An exact copy of the data is required, with no pictures in it.

***

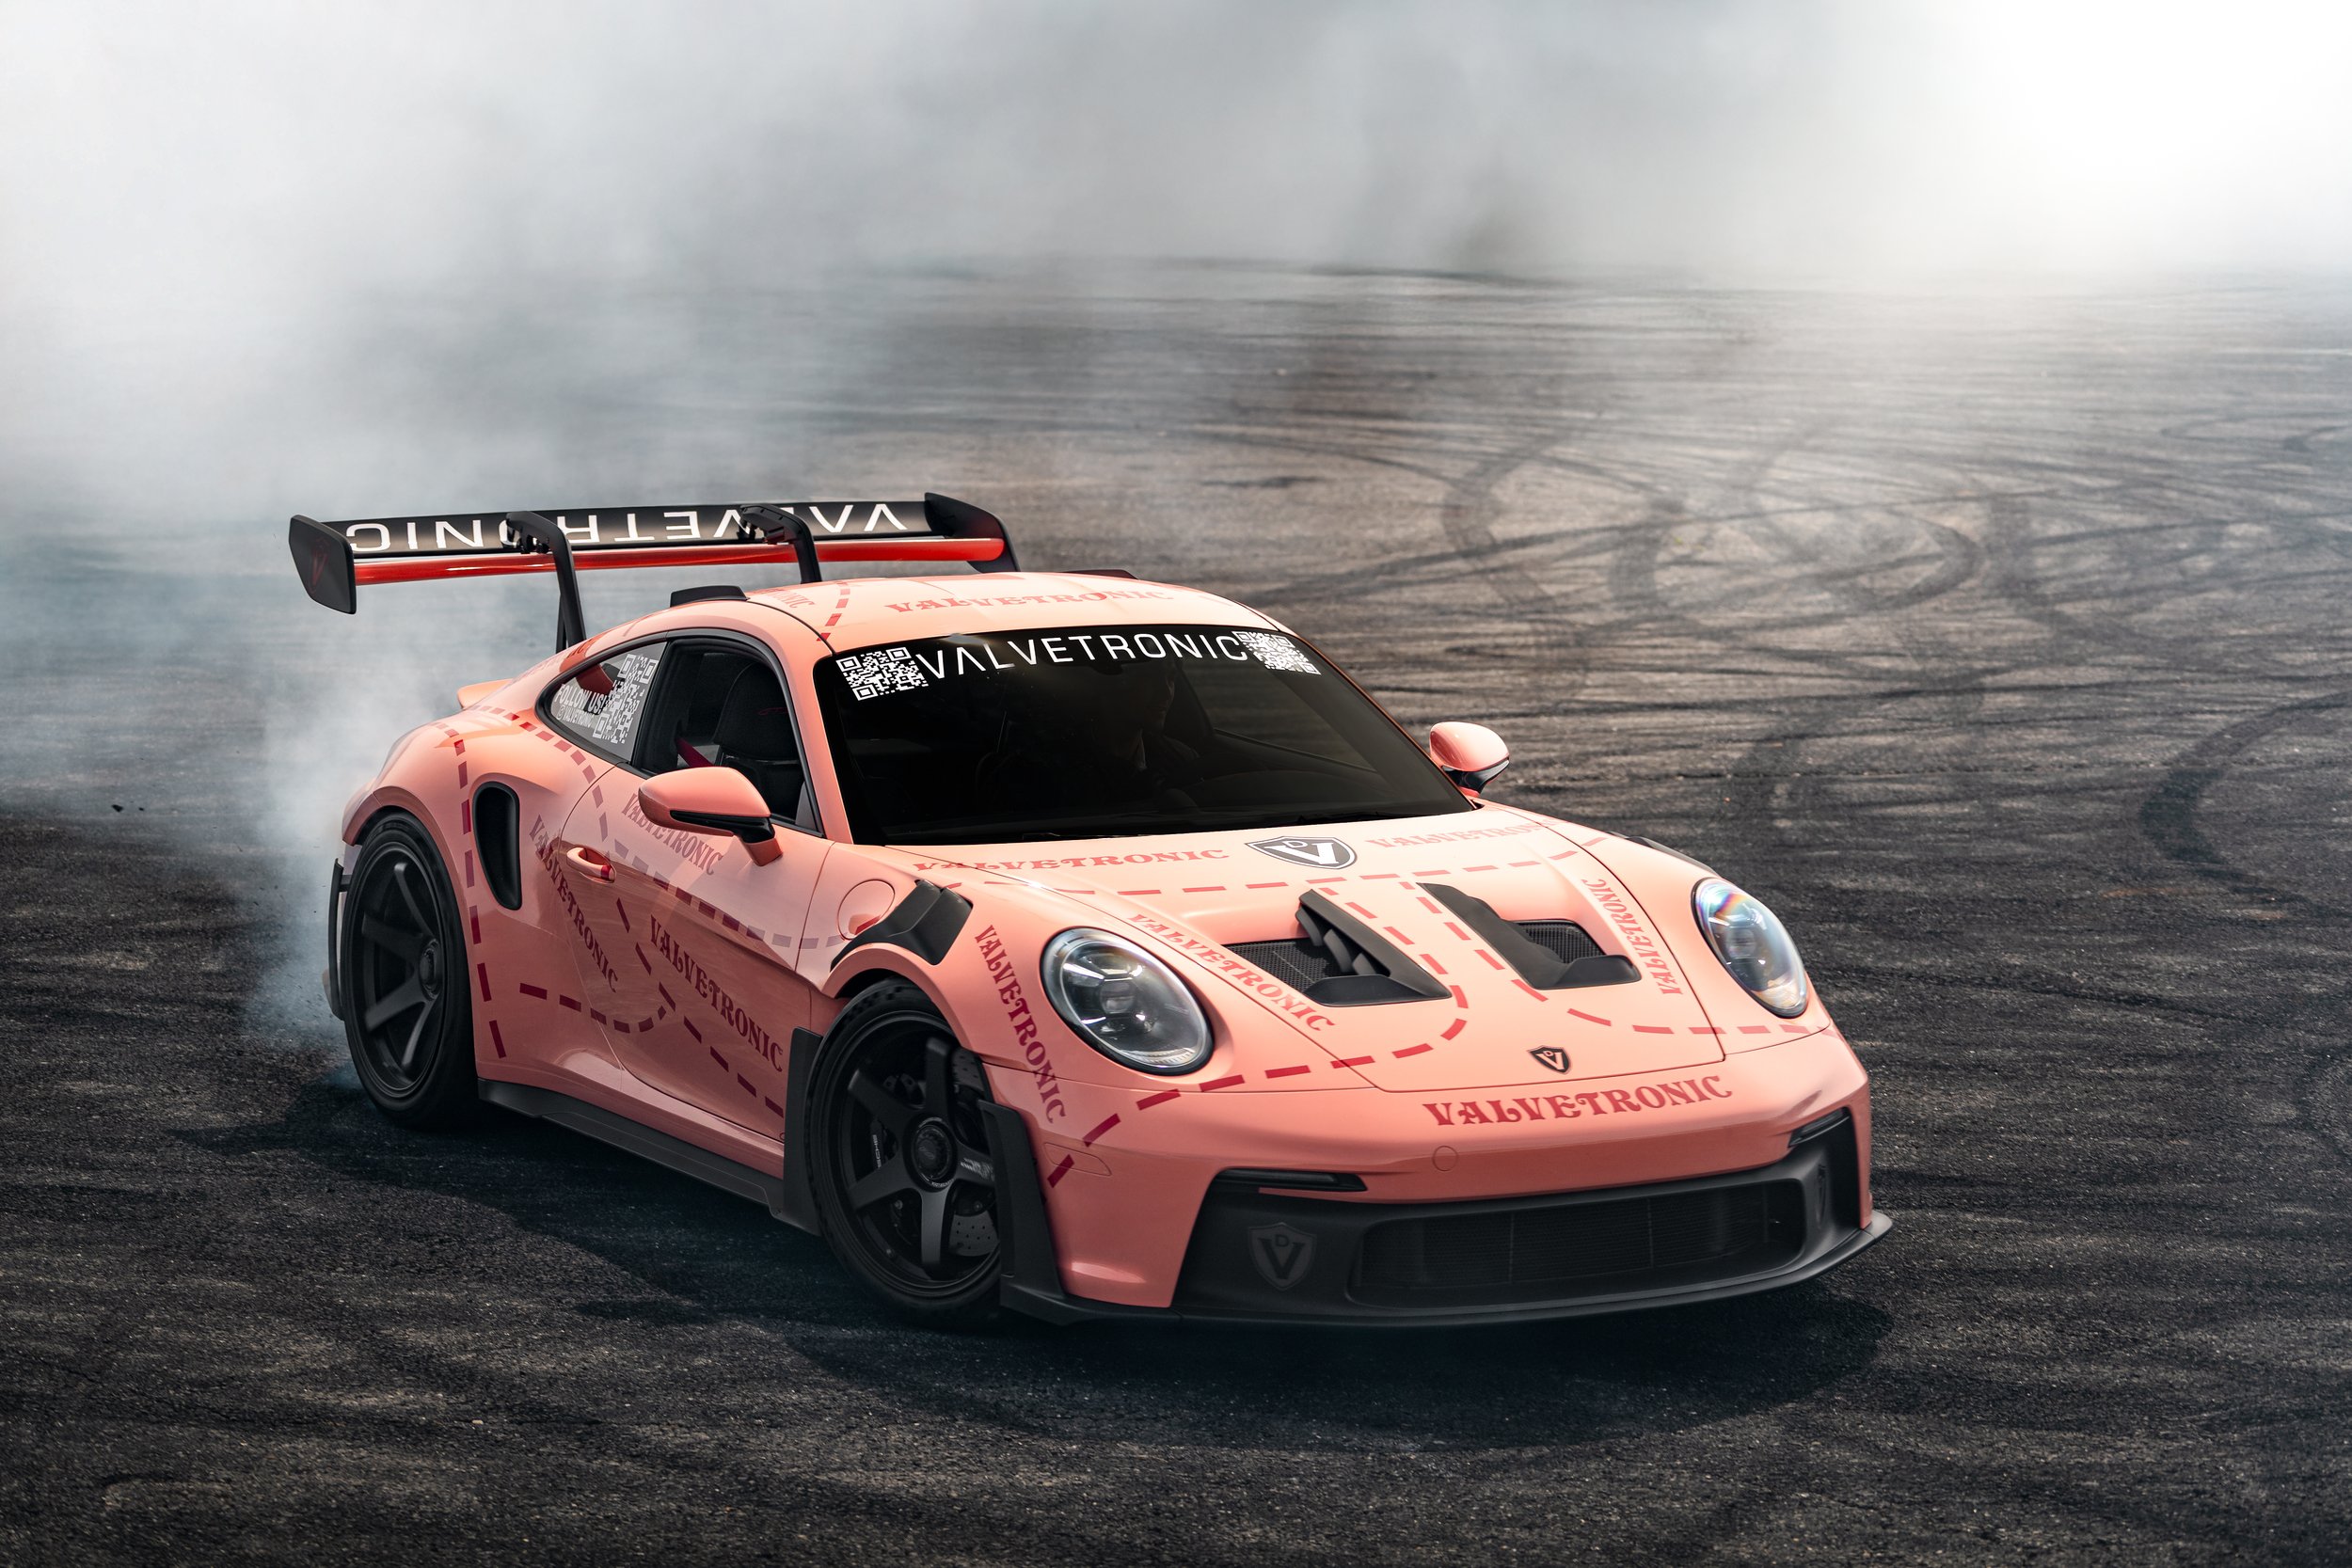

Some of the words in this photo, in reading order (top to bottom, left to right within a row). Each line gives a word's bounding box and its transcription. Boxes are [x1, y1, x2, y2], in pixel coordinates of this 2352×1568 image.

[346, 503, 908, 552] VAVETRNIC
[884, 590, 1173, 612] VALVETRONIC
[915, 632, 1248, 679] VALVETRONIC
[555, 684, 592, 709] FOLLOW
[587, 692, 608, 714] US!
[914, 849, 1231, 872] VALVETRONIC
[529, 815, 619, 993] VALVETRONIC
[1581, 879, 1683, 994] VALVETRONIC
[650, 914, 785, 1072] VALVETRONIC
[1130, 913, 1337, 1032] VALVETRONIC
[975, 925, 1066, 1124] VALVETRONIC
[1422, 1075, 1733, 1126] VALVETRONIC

***

* **Response for this exercise**
Some of the words in this photo, in reading order (top to bottom, left to right within a row). Each line gives a word's bounding box and its transcription. Boxes are [x1, y1, x2, y2], in pixel coordinates of this 2352×1568 image.

[346, 503, 908, 552] VAVETRNIC
[884, 590, 1173, 612] VALVETRONIC
[915, 632, 1248, 679] VALVETRONIC
[555, 684, 592, 709] FOLLOW
[587, 692, 608, 714] US!
[914, 849, 1231, 872] VALVETRONIC
[529, 815, 619, 993] VALVETRONIC
[1581, 879, 1683, 994] VALVETRONIC
[650, 914, 785, 1072] VALVETRONIC
[1130, 913, 1337, 1032] VALVETRONIC
[975, 925, 1066, 1124] VALVETRONIC
[1422, 1075, 1733, 1126] VALVETRONIC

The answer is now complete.